Pero Dozer sentía el peligro en el aire. Lo percibía con la misma claridad que un gallo percibe los primeros rayos del sol.

– ¡No hay tiempo! ¡Adentro, adentro!

Se agacharon para escabullirse por el hueco que habían dejado y se encontraron de bruces con el Roña Muñinator, que esperaba en el mismo sitio donde lo había visto la primera vez. Visto desde atrás era aún peor: encima del mecanismo de polea que alguien había montado fundiendo las placas de agarre a la carrocería, había un cráneo de un toro, cuidadosamente emplazado en su sitio. La fila de dientes parecía sonreírles con terca animadversión.

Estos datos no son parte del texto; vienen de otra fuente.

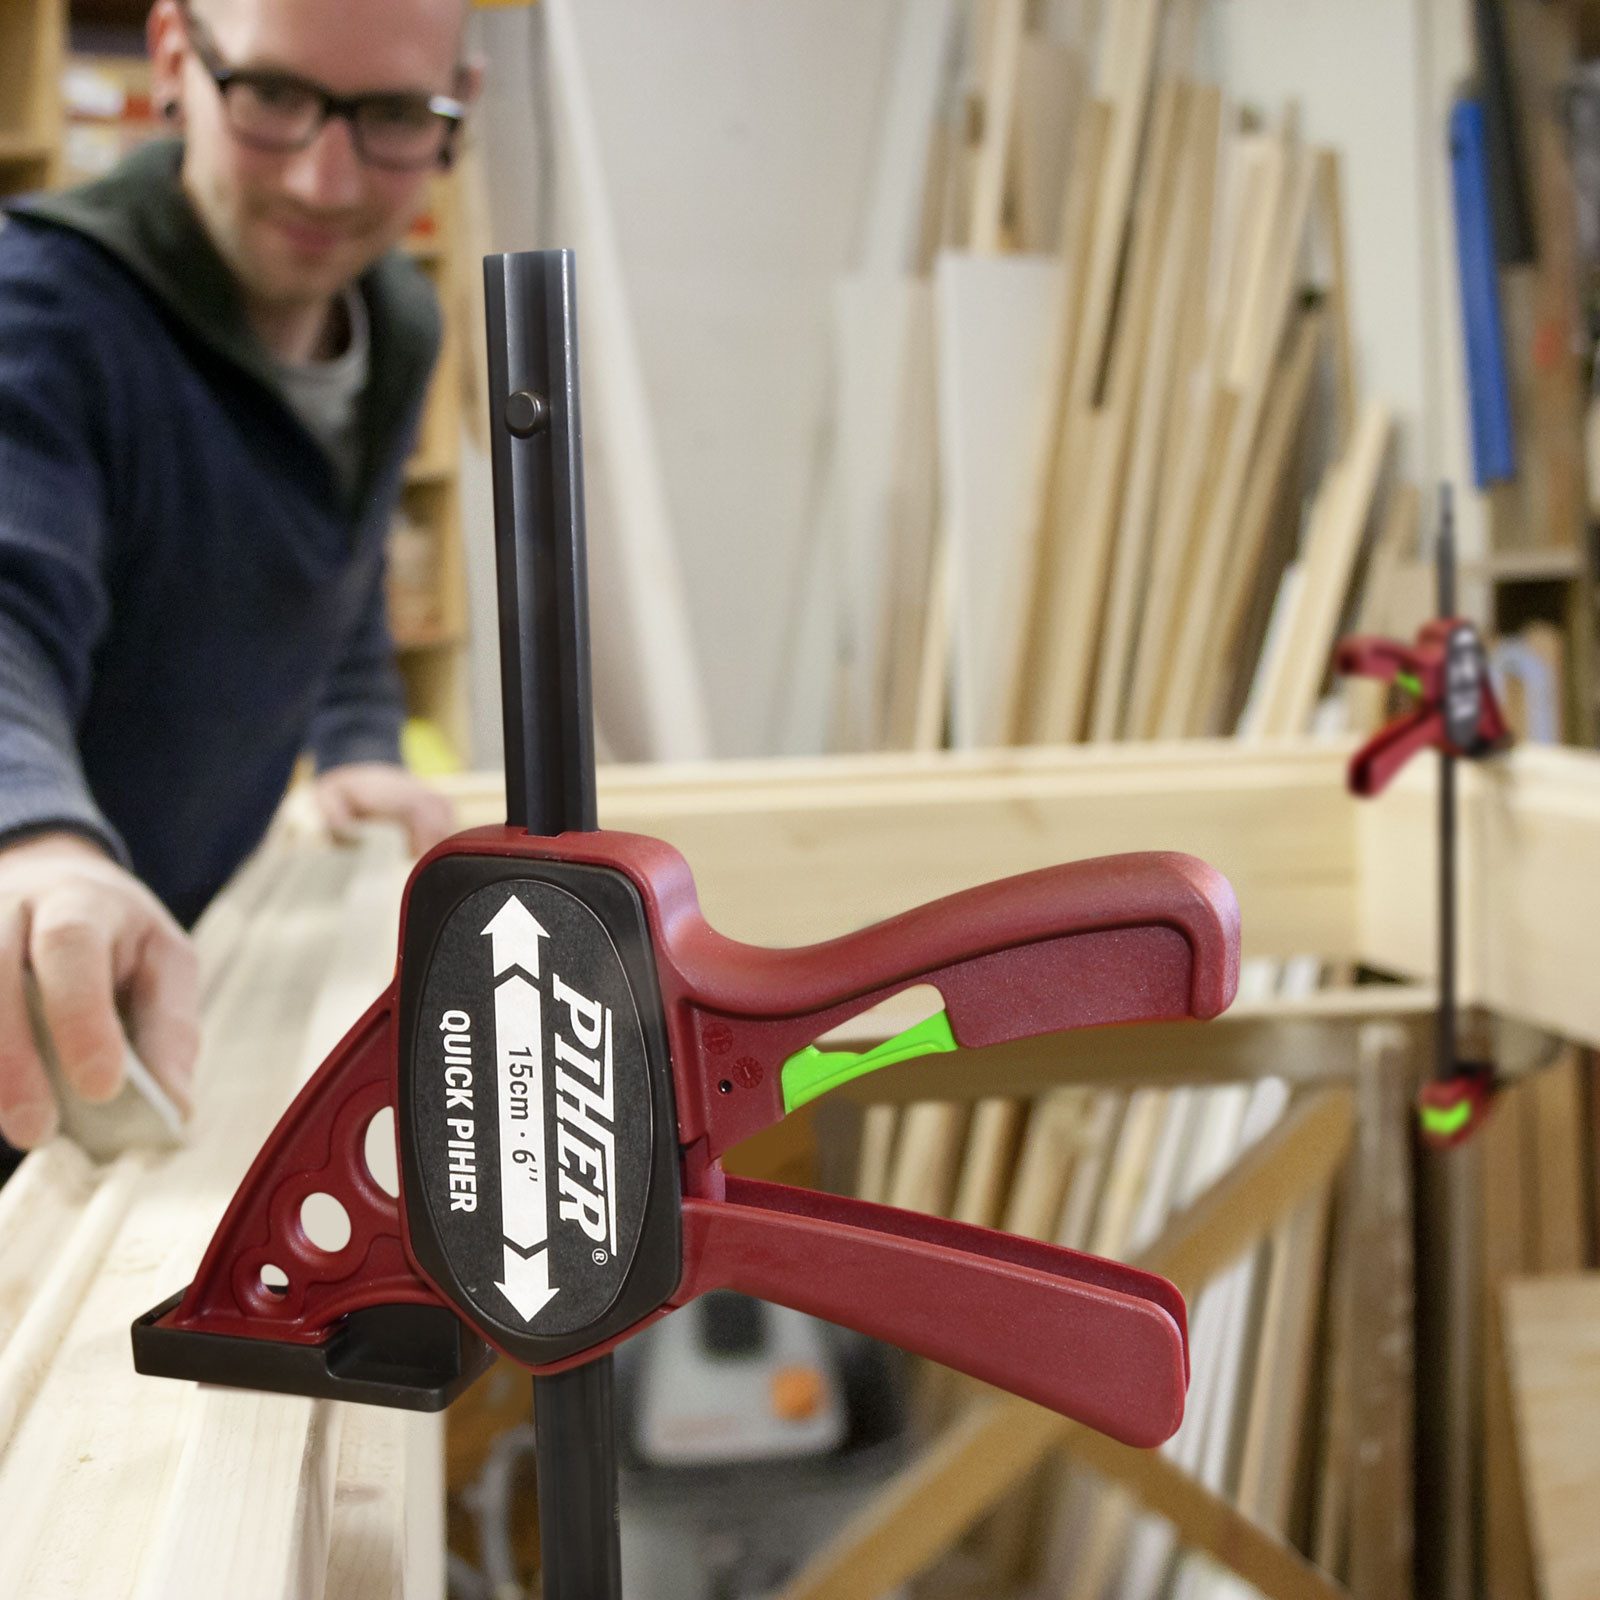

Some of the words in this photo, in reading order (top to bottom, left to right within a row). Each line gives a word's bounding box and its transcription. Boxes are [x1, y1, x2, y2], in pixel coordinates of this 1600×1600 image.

[439, 1009, 474, 1111] QUICK
[508, 1046, 534, 1120] 15cm
[446, 1117, 478, 1213] PIHER
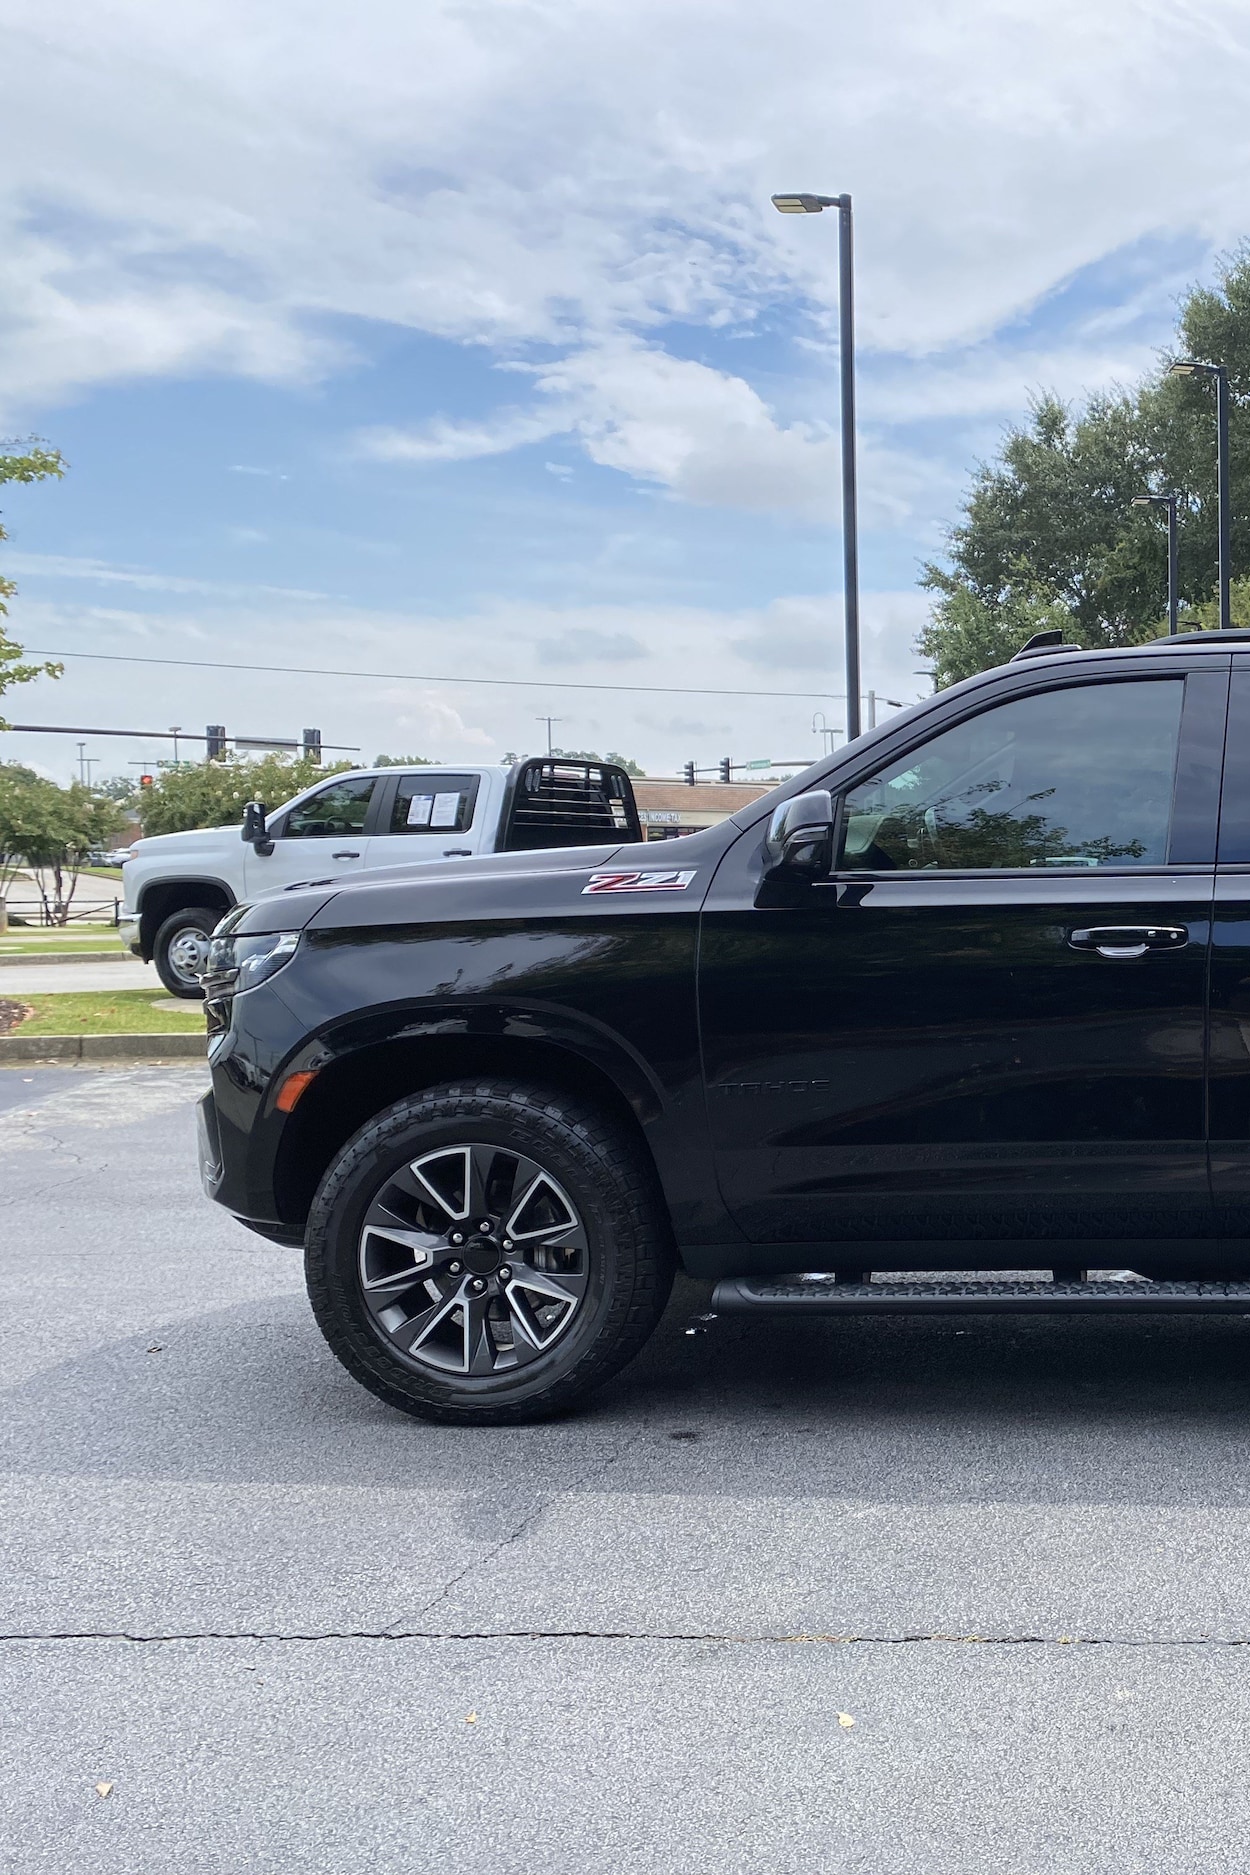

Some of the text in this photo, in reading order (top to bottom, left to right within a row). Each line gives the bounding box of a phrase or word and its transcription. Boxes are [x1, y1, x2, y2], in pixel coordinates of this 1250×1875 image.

[671, 813, 681, 823] TAX
[581, 870, 698, 895] Z71
[718, 1079, 830, 1095] TAHOE

Ahora por favor, por favor, mamá, Uri, quien sea, por favor, el último favor… haced que las llaves estén puestas. Por favor, que estén puestas

Subieron a la cabina de un salto (Víctor en el asiento del copiloto) y Dozer no se atrevió a mirar la toma del contacto. En lugar de eso cerró los ojos, tragó saliva y tanteó con mano temblorosa. Fueron unos segundos eternos mientras la mano buscaba en el aire, indecisa, como si estuviera internándose en la madriguera de una serpiente. Pero por fin, el tacto ligeramente frío y metálico de un manojo de llaves recayó sobre su palma abierta.

– ¡SÍ! -gritó, inundado de una súbita alegría. Una lágrima resbaló por su mejilla, dejando un surco de piel limpia.

– ¡Arráncalo! -le pedía Víctor, mientras miraba atrás, esperando quizá ver a Malacara aparecer bajo la reja con la escopeta en la mano y esa mirada neutra y fría que conocía tan bien.